Even more important or significant than the stories themselves are the motives of the leakers and why they would go to the Post, a paper whose billionaire owner, Jeff Bezos, is linked to the CIA and NSA through a series of government contracts.
As history unfolds, we learn new information about journalists and their sources, but some of it comes too late to make a real difference.
Consider that there will have to be an update to the section on Ernest Hemingway, the famous writer and author whose work as a reporter for The Kansas City Star is highlighted at the Newseum. A new book by former CIA officer Nicholas Reynolds entitled Writer, Sailor, Soldier, Spy identifies the Pulitzer Prize-winner as a Soviet spy. Hemingway was recruited into the enemy camp on ideological grounds.
This revelation provides more evidence that things are rarely what they seem to be in the media. There can always be a hidden hand in the work of major personalities in the journalism business. These people depend on their sources. More importantly, they are used by them.
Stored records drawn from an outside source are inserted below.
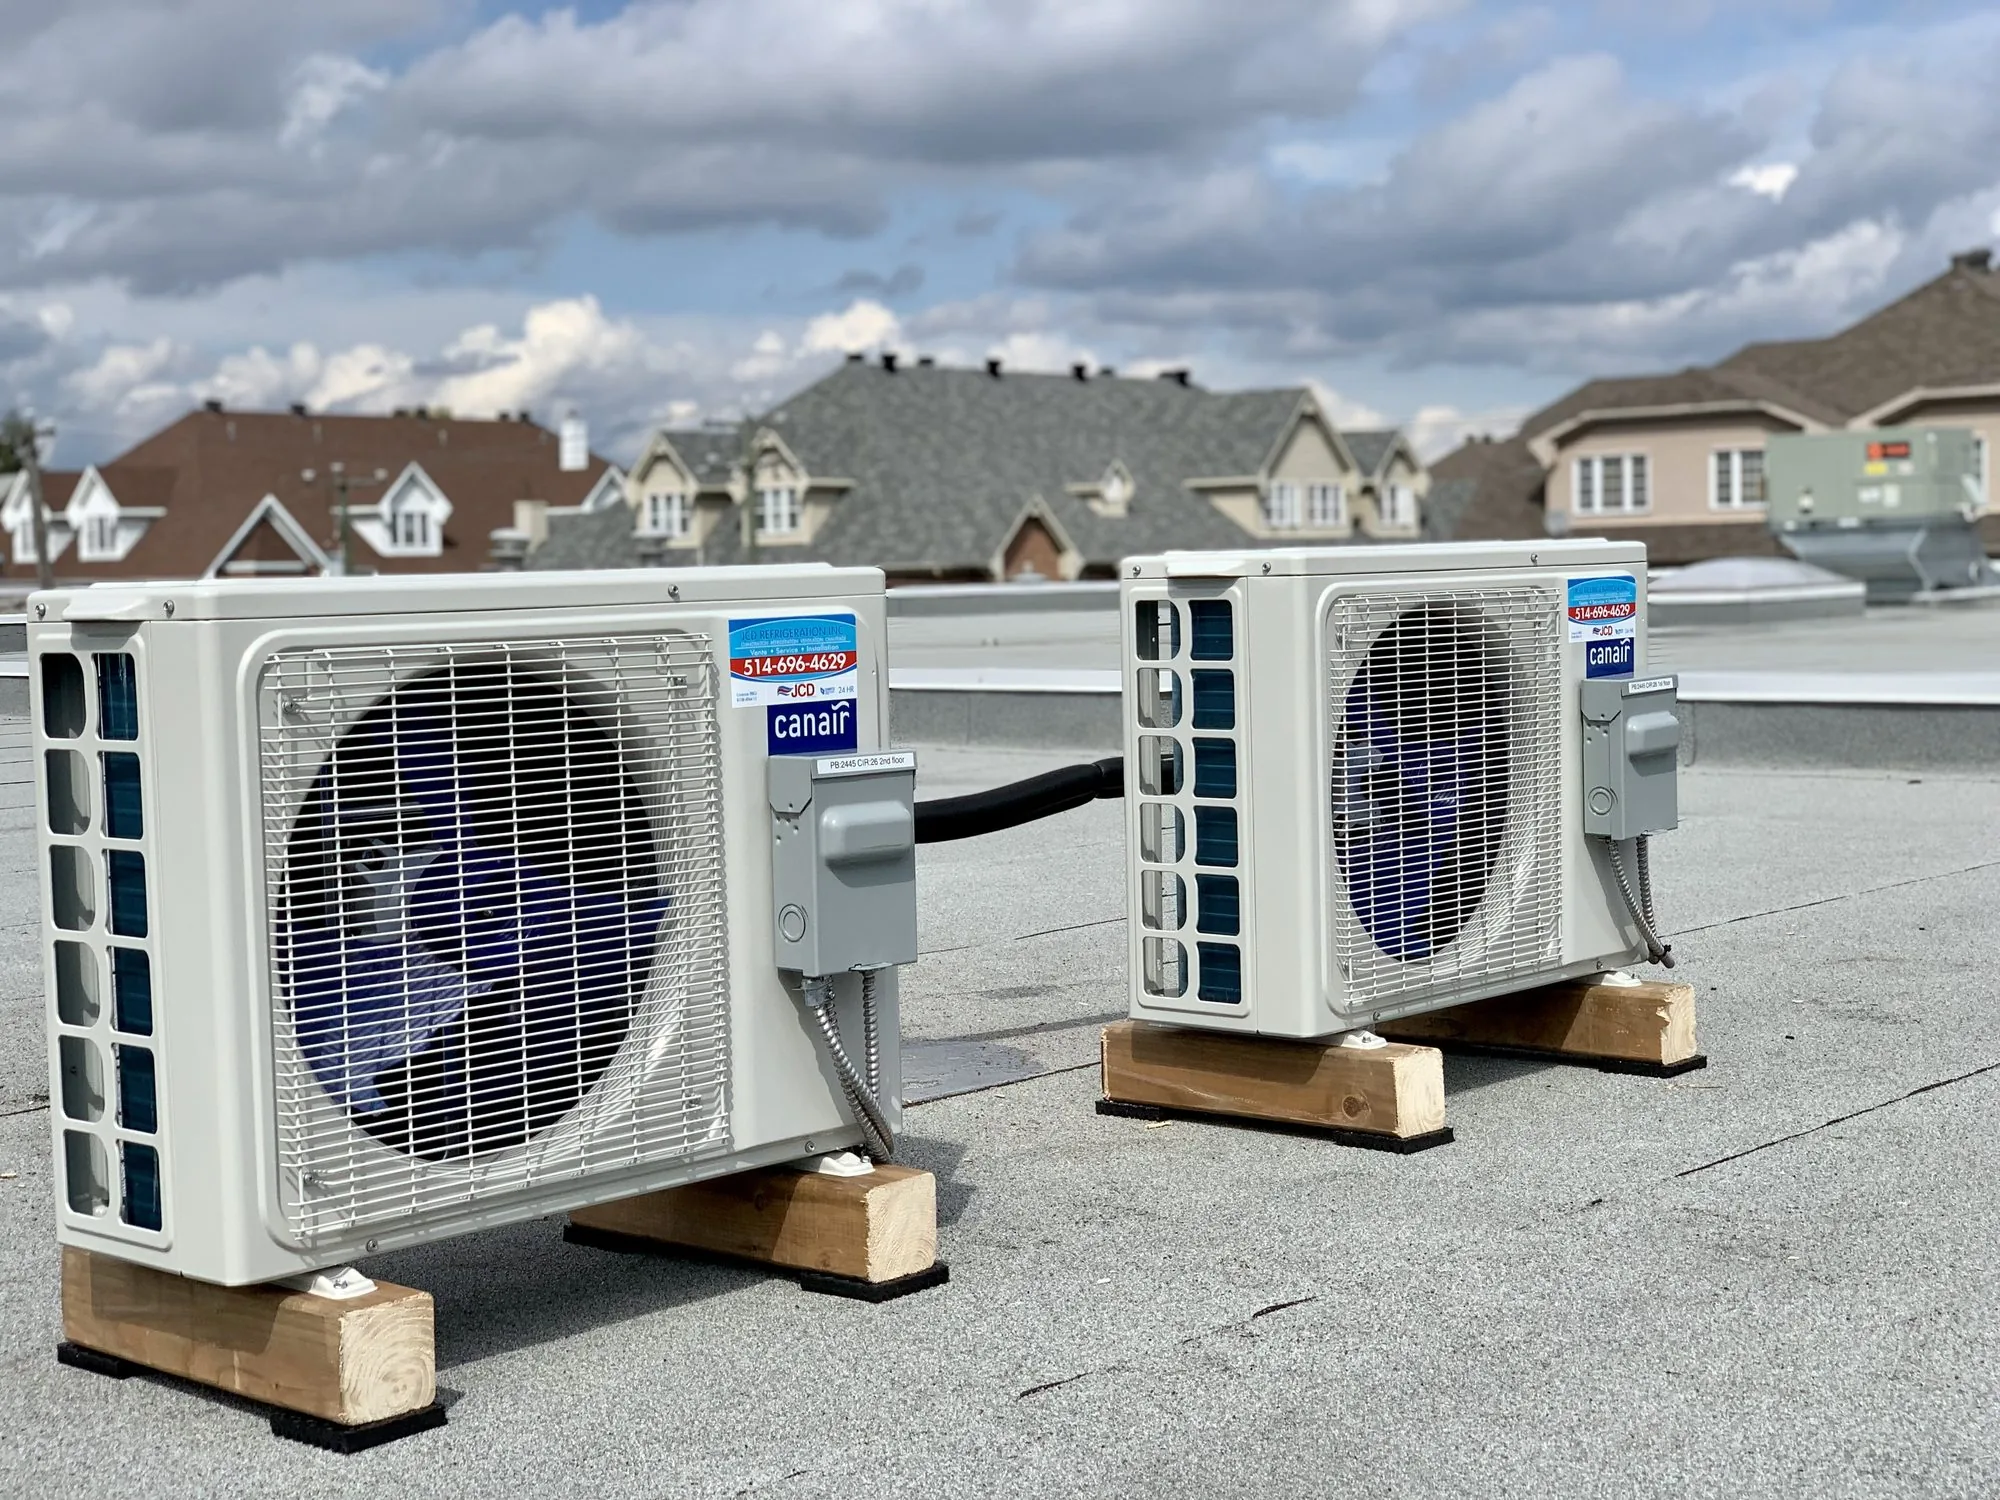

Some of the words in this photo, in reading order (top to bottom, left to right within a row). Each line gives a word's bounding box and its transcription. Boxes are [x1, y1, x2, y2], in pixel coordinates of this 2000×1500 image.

[1575, 604, 1631, 620] 514-696-4629
[759, 626, 826, 640] REFRIGERATION
[1600, 625, 1613, 636] JCD
[806, 644, 839, 653] Installation
[1589, 638, 1631, 665] canair
[743, 653, 847, 676] 514-696-4629
[791, 683, 815, 698] JCD
[774, 700, 850, 738] canair
[879, 757, 890, 765] 2nd
[891, 756, 905, 764] floor
The Post clearly has no principled objection to working with officials of the FBI, CIA, NSA, and other agencies in bringing down a president. After all, they claim that they relied on an FBI official to help bring down Nixon.
Even with the firing of FBI director James Comey, an obvious source for the media, it’s apparent that many of these high-level people remain in the intelligence community. They were not elected, however, and they remain in the shadows, making decisions affecting the fate of a government elected by the American people by creating the appearance of a Watergate-style scandal.
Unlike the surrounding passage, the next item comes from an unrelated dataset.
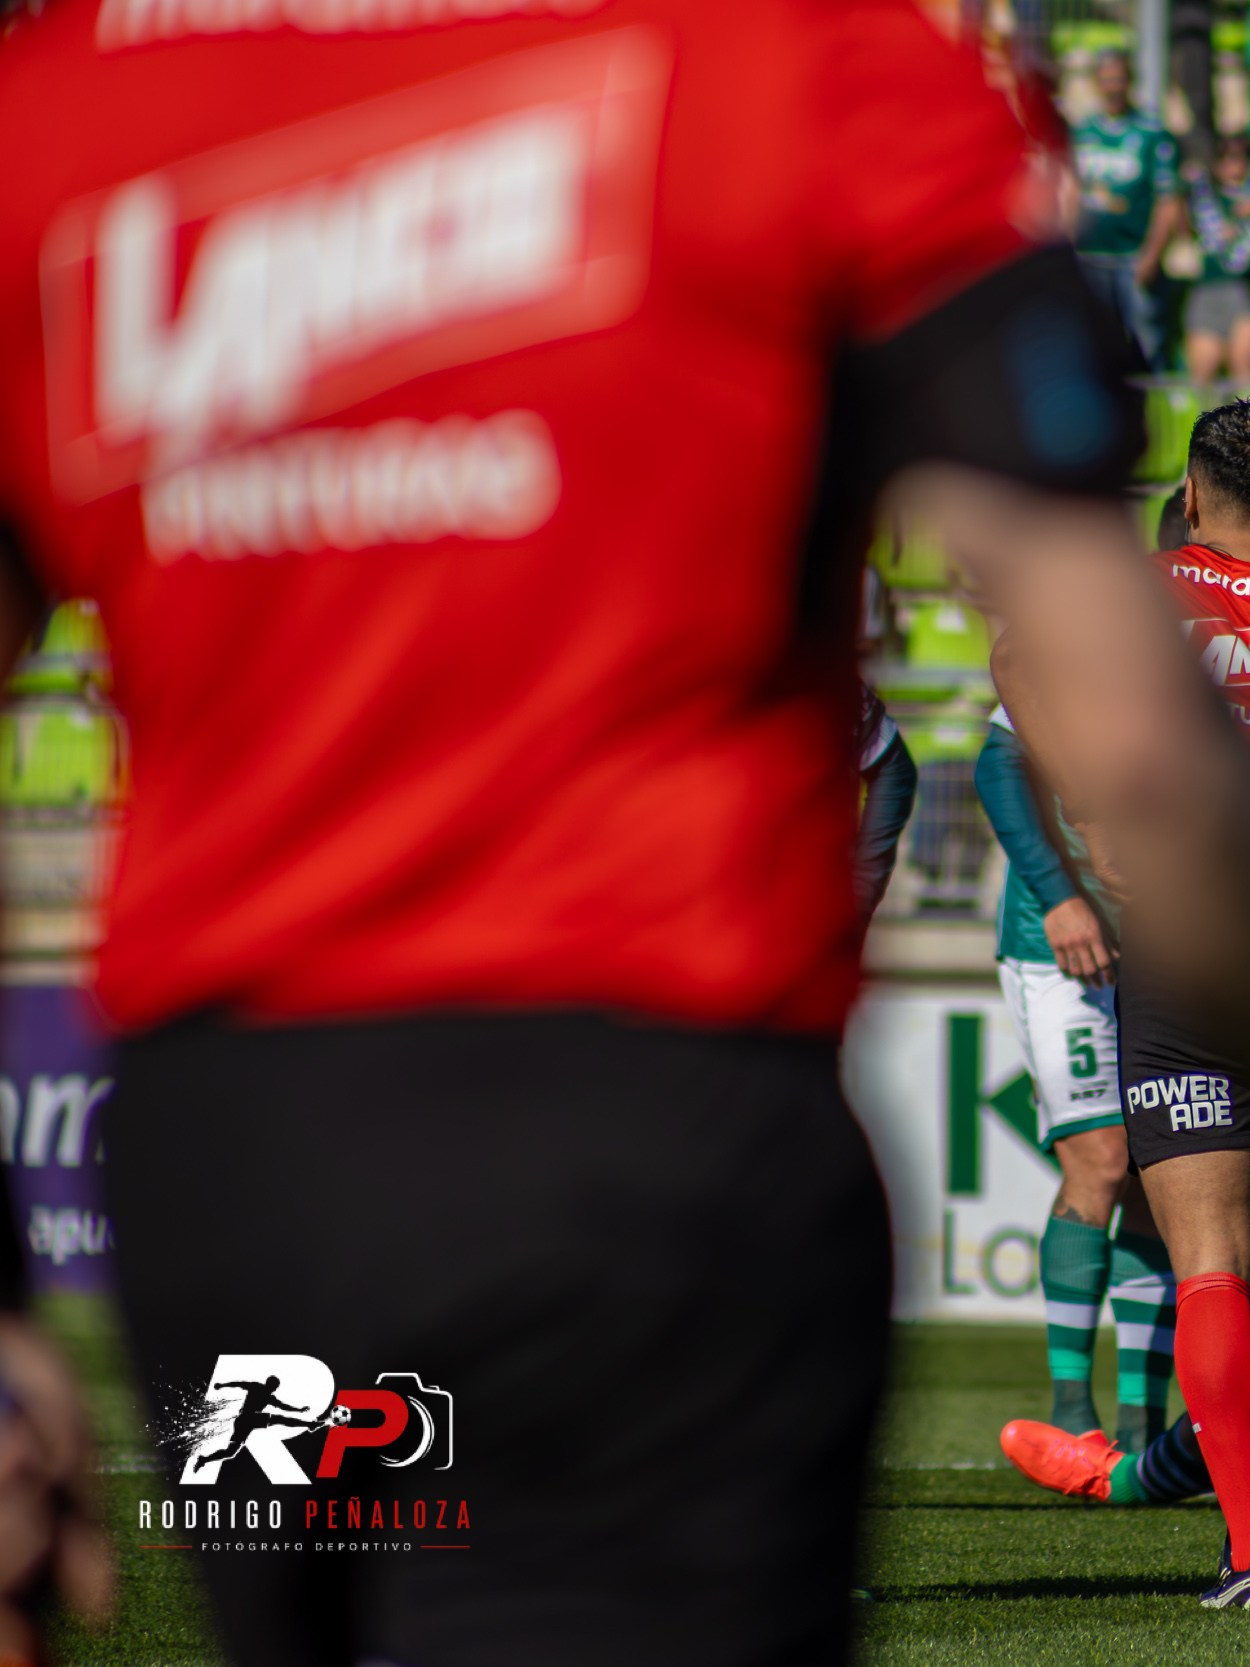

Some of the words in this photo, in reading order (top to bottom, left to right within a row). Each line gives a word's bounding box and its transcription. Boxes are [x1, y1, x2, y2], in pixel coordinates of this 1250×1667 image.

[1065, 1027, 1097, 1079] 5
[1127, 1075, 1230, 1115] POWER
[1170, 1100, 1233, 1132] ADE
Interestingly, the title of the new Hemingway book is a takeoff on Tinker Tailor Soldier Spy, the 1974 spy novel by British author John le Carré that was made into a blockbuster film, and was based on the real-life “Cambridge Five” communist espionage ring.
It turns out that Hemingway worked for the CIA’s predecessor, the OSS, before going to work for the Russians.
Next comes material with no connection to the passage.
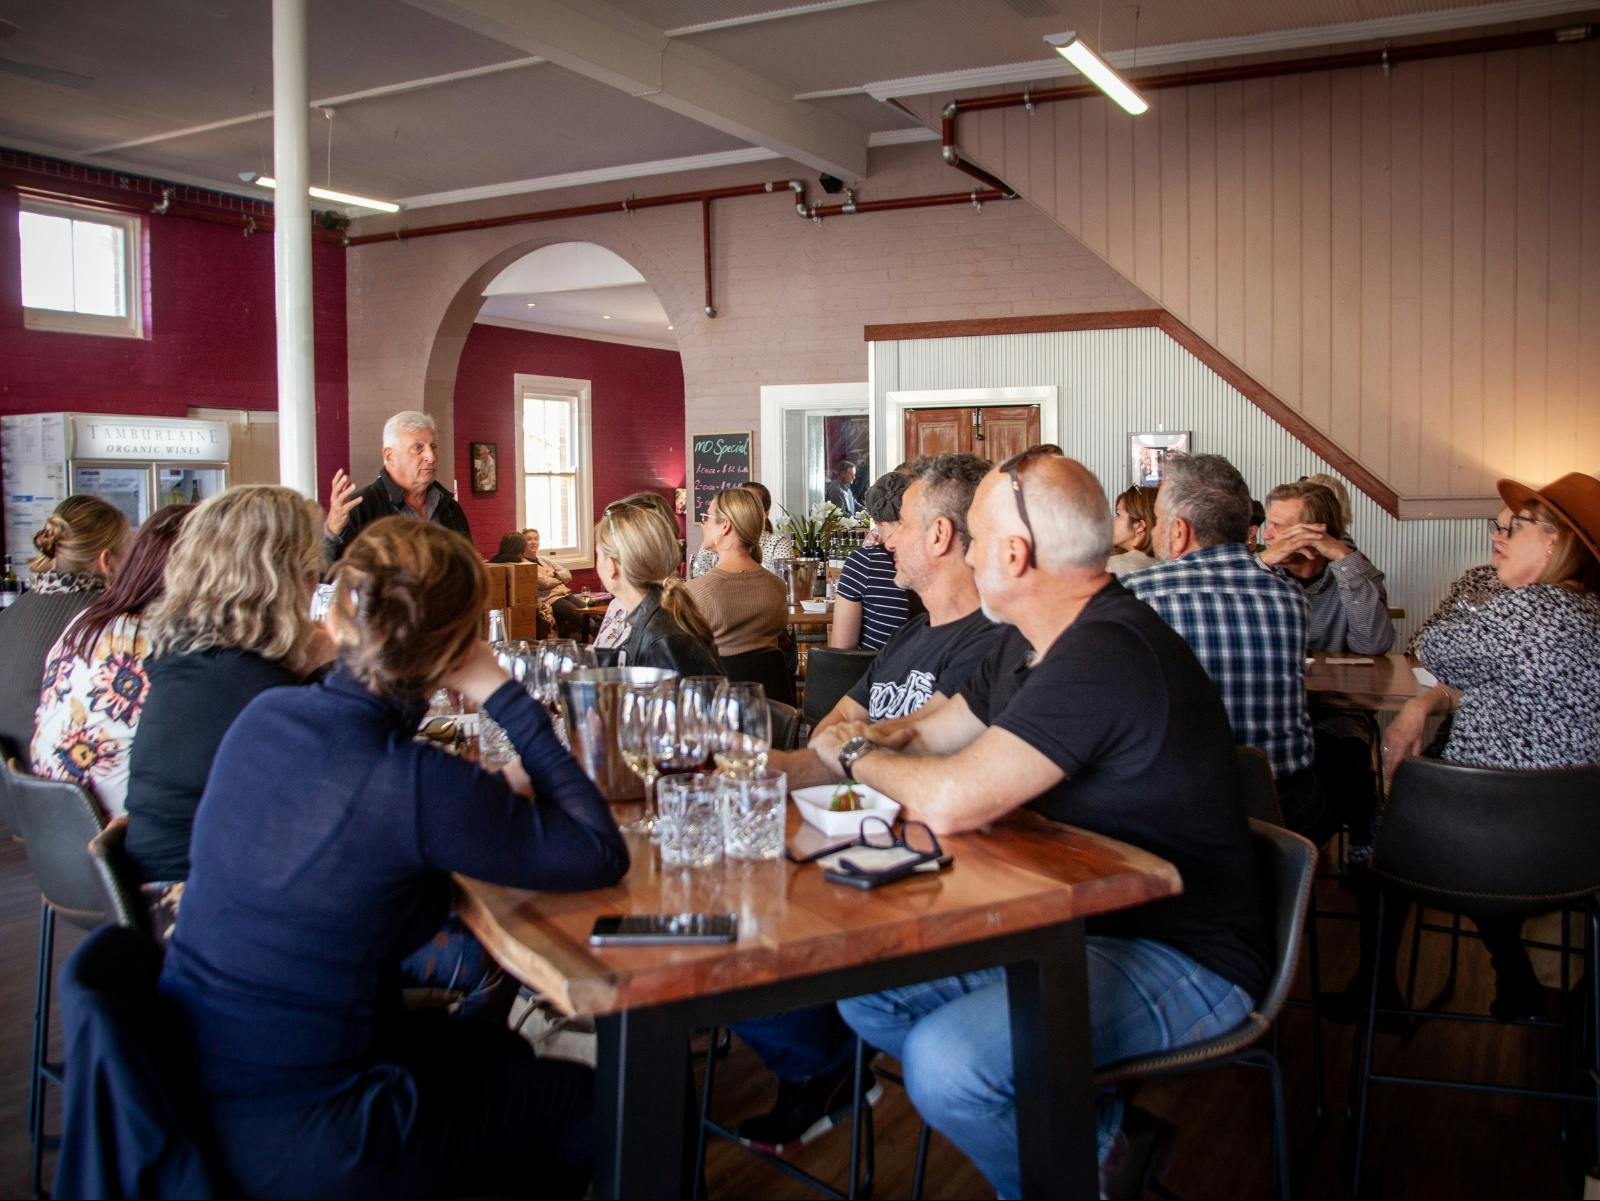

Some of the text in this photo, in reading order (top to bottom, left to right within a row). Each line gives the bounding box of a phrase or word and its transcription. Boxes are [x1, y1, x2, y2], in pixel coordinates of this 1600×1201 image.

[87, 424, 219, 444] TAMBURLAINE
[106, 444, 201, 455] ORGANIC WINES
Interestingly, the anonymous sources now being used to destroy Trump, on the grounds that he is a Russian puppet, have used a “Trump Dossier” that is based on the work of a former British spy who worked for Hillary Clinton and pro-Russian interests.
Since this is demonstrably the case as we have noted in a series of investigative stories, it is reasonable to assume that these anonymous sources in the Trump case are working against American interests. Equally significant, if they are in the intelligence community, they are working for, not against, the Russians. It is bizarre but true.
Leaving aside the identity of sources and their motives, the official story of Watergate continues to be that Nixon was forced out of office for corrupt practices. But these had also occurred under other administrations. Victor Lasky’s classic book, It Didn’t Start With Watergate, set the record straight on that score.
We have also noted other scandals that had received far less attention than Watergate, including:
- FDR’s Pearl Harbor cover-up, blaming Admiral Kimmel for the disaster
- The stolen presidential election of 1960 that put John F. Kennedy in the White House
- Attorney General Bobby Kennedy’s bugging of the phones of Martin Luther King, Jr.
- Clinton administration abuse of the IRS and FBI to go after “enemies”
Does the latter sound familiar? It sounds like something that occurred under President Obama, but which never achieved Watergate status. Neither did the Benghazi cover-up or his own pro-Russian policies and statements.
“Look at the way I’ve been treated lately, especially by the media,” Trump told graduates of the U.S. Coast Guard Academy. “No politician in history—and I say this with great surety—has been treated worse or more unfairly.”
He’s correct, except possibly for the Nixon example. In Trump’s case, it’s true that he offends the media. But he has also offended some powerful people in the intelligence community. Together, they are determined to destroy him.
It may turn out to be the case that Trump’s real crime was failing to clean house in the intelligence community. Did the firing of Comey come too late to make a difference?